* EXERCISE GOAL *
Take the listing below and output it exactly, with no images.

── EXCERPTED RECORDS ──

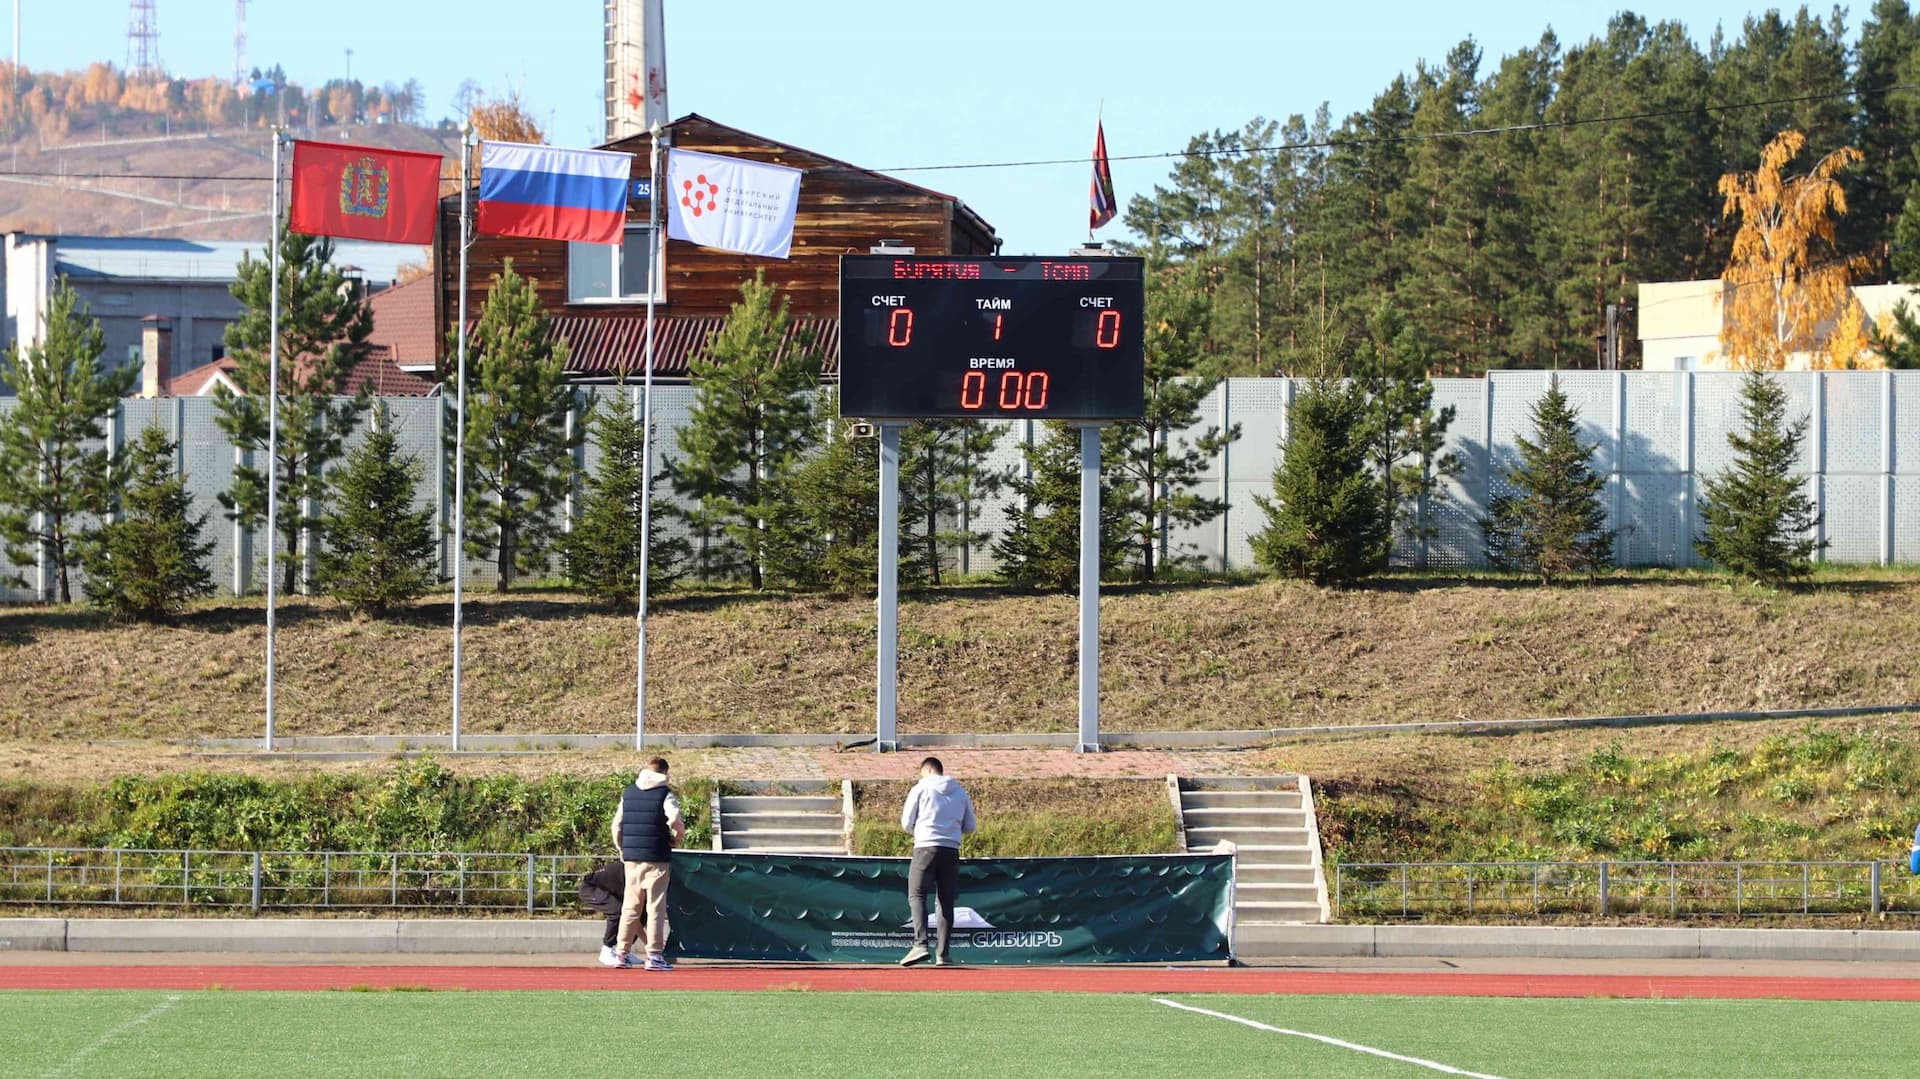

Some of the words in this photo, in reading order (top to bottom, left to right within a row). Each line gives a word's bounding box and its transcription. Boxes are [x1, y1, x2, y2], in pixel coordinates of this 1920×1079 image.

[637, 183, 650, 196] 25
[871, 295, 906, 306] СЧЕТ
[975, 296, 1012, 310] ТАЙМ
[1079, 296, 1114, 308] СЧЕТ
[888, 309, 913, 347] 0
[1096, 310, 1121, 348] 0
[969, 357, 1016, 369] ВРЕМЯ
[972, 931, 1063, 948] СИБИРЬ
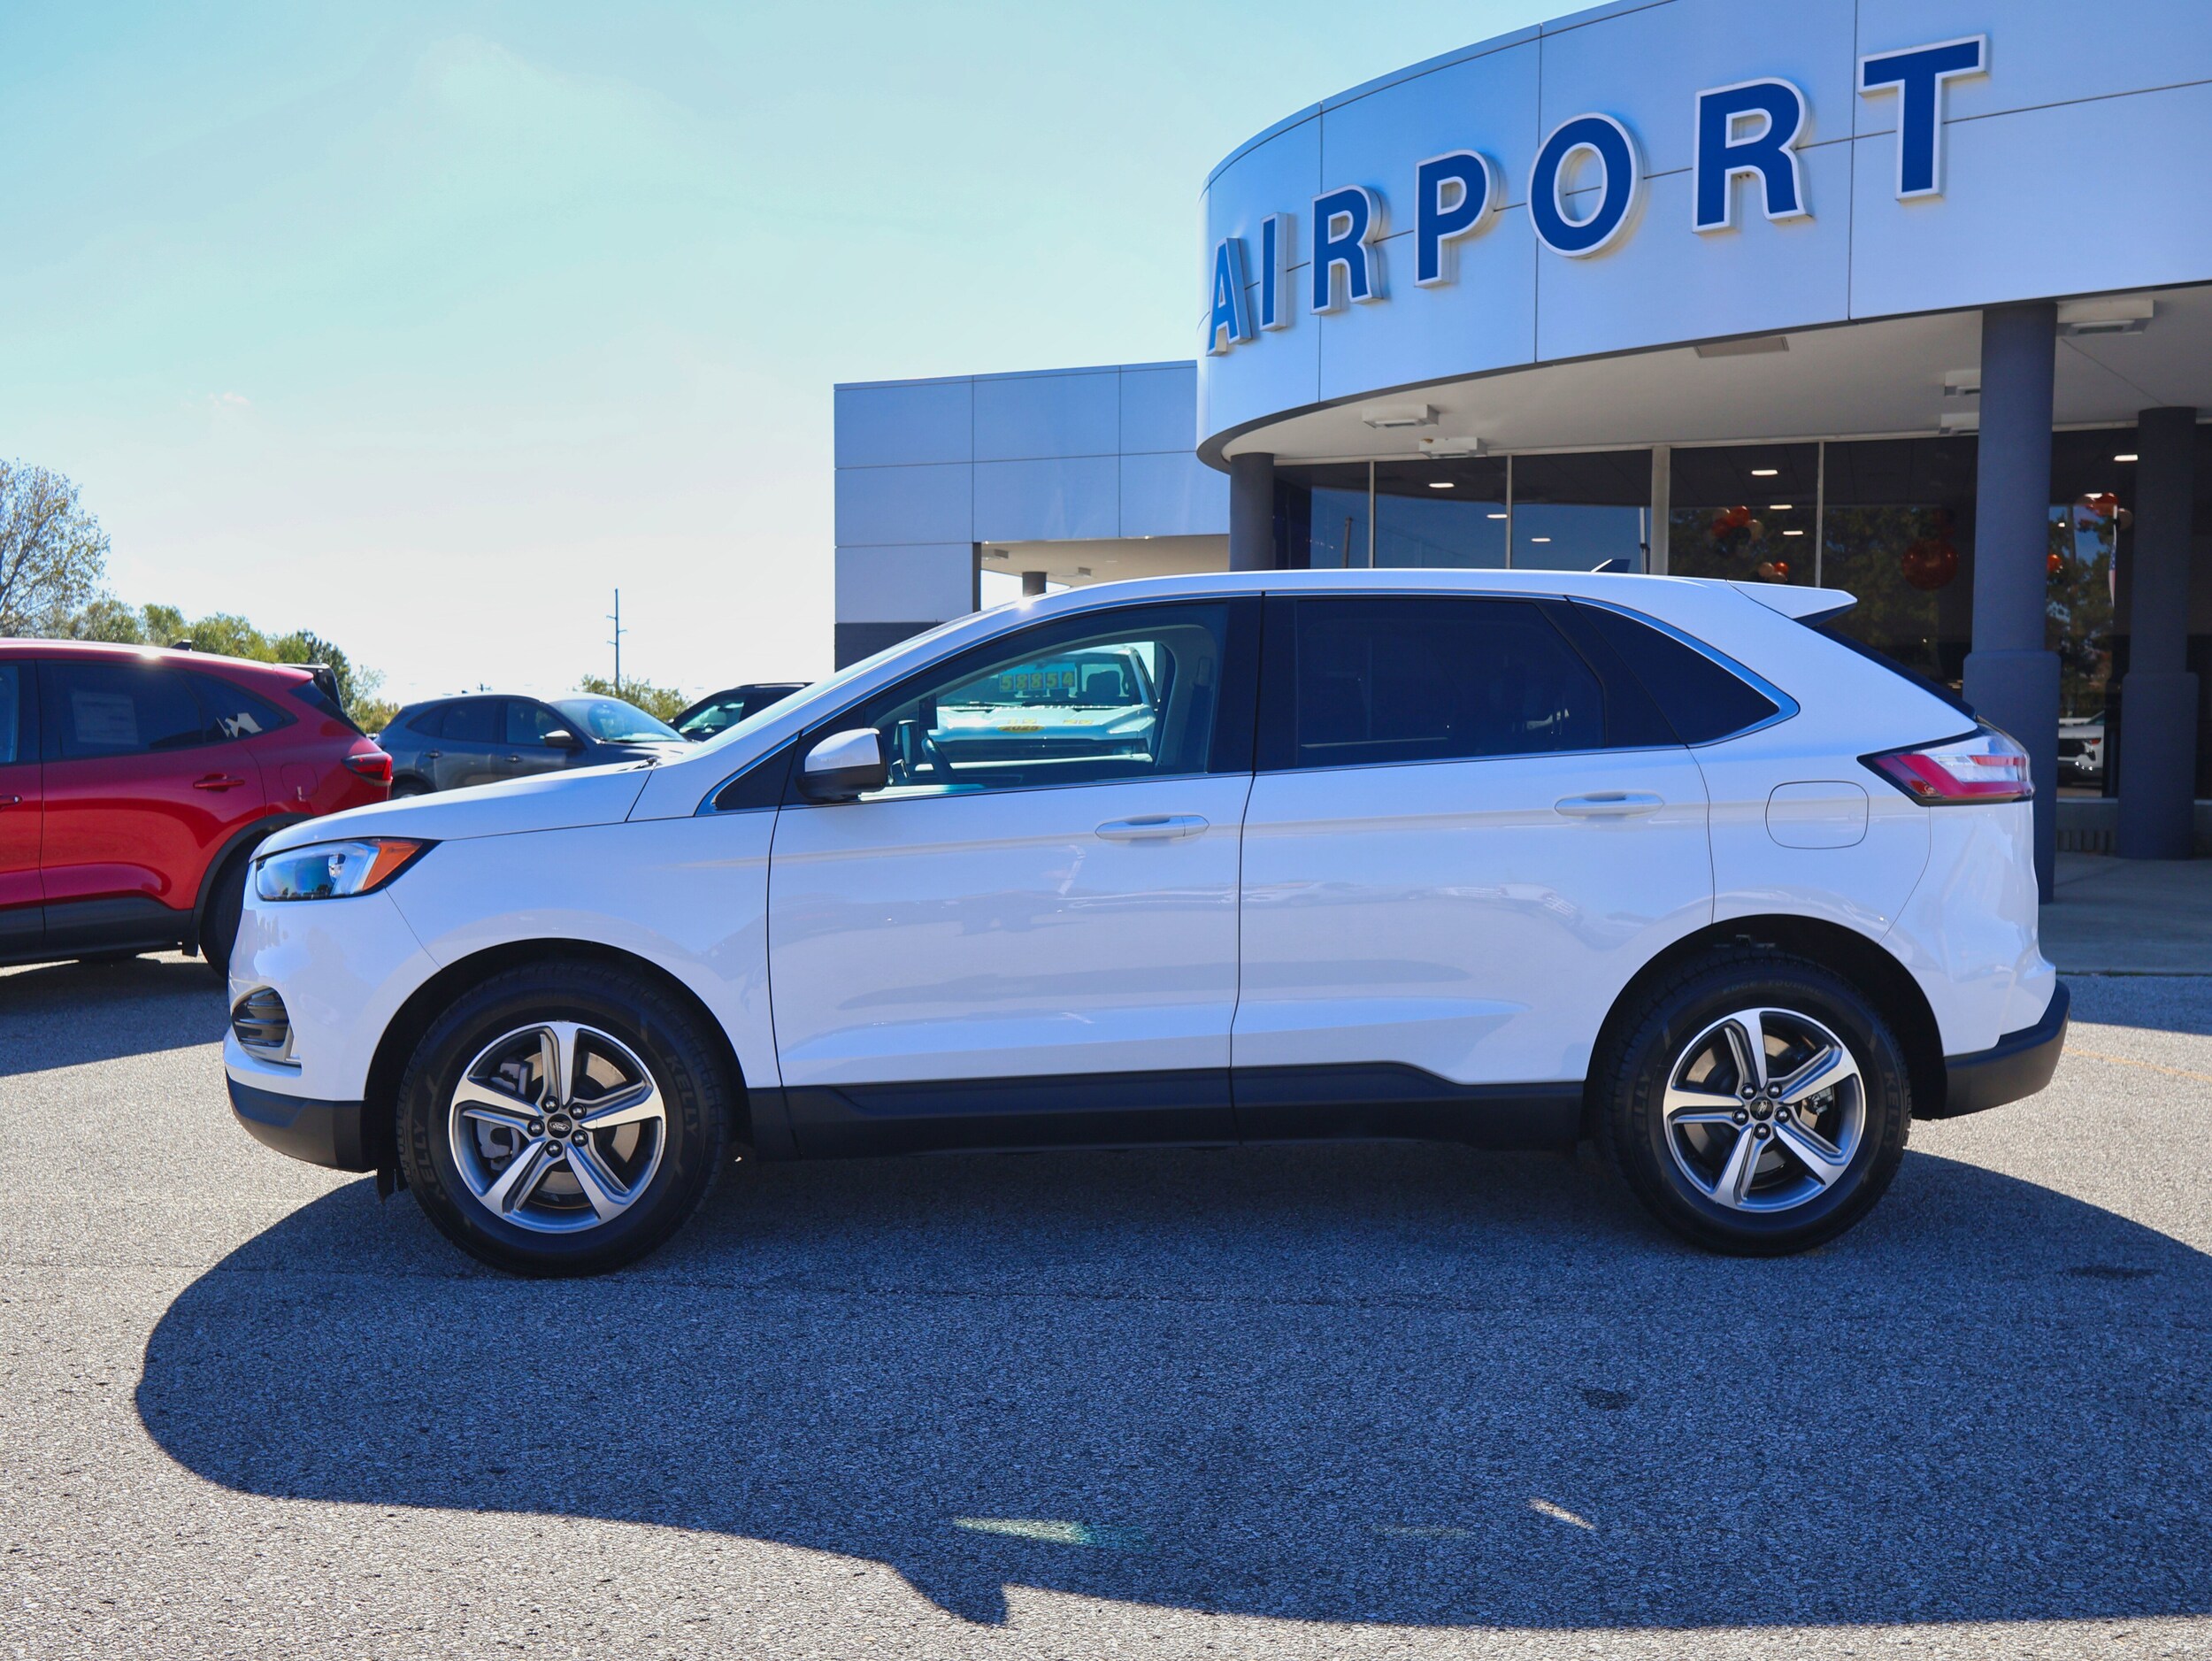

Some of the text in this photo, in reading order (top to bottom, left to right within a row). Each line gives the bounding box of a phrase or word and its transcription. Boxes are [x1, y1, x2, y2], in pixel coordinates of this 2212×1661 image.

───

* EXERCISE RESPONSE *
Some of the words in this photo, in reading order (top to bottom, left to right within a row). Each line gives a word's bounding box and its transcription. Boxes are [x1, y1, x2, y2], in pixel coordinates of this 1920×1079 image.

[637, 183, 650, 196] 25
[871, 295, 906, 306] СЧЕТ
[975, 296, 1012, 310] ТАЙМ
[1079, 296, 1114, 308] СЧЕТ
[888, 309, 913, 347] 0
[1096, 310, 1121, 348] 0
[969, 357, 1016, 369] ВРЕМЯ
[972, 931, 1063, 948] СИБИРЬ

Some of the text in this photo, in reading order (top to bottom, left to right within a row). Each line gives the bounding box of a phrase or word and its transcription. Boxes are [x1, y1, x2, y2], in pixel coordinates of this 2212×1661 image.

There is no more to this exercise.